Given information:
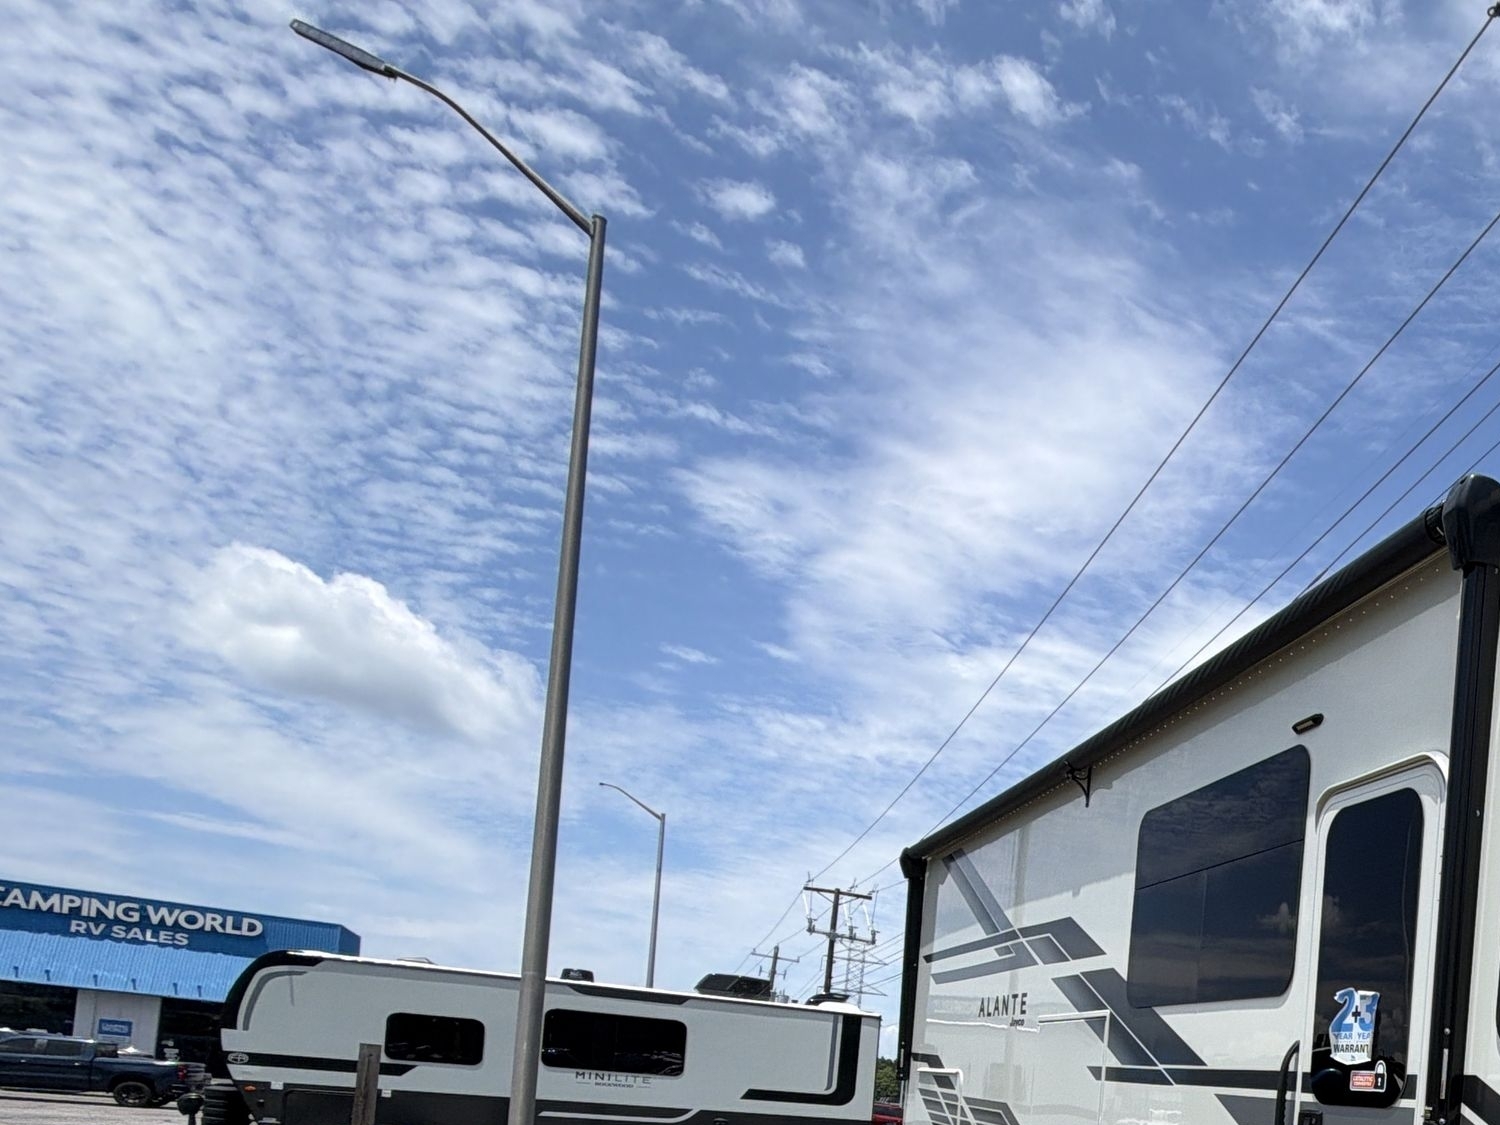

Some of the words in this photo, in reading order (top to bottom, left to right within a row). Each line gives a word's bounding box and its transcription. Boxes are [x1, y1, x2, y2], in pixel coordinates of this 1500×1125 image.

[69, 919, 106, 935] RV
[110, 925, 190, 946] SALES
[147, 904, 264, 937] WORLD
[978, 992, 1028, 1018] ALANTE
[1333, 1043, 1370, 1054] WARRANT
[1357, 1032, 1370, 1040] YEA

Exercise description: Retype all of the listing word for word and skip the pictures.

Response area:
Some of the words in this photo, in reading order (top to bottom, left to right within a row). Each line gives a word's bounding box and its transcription. Boxes are [x1, y1, x2, y2], in pixel coordinates of this 1500×1125 image.

[69, 919, 106, 935] RV
[110, 925, 190, 946] SALES
[147, 904, 264, 937] WORLD
[978, 992, 1028, 1018] ALANTE
[1333, 1043, 1370, 1054] WARRANT
[1357, 1032, 1370, 1040] YEA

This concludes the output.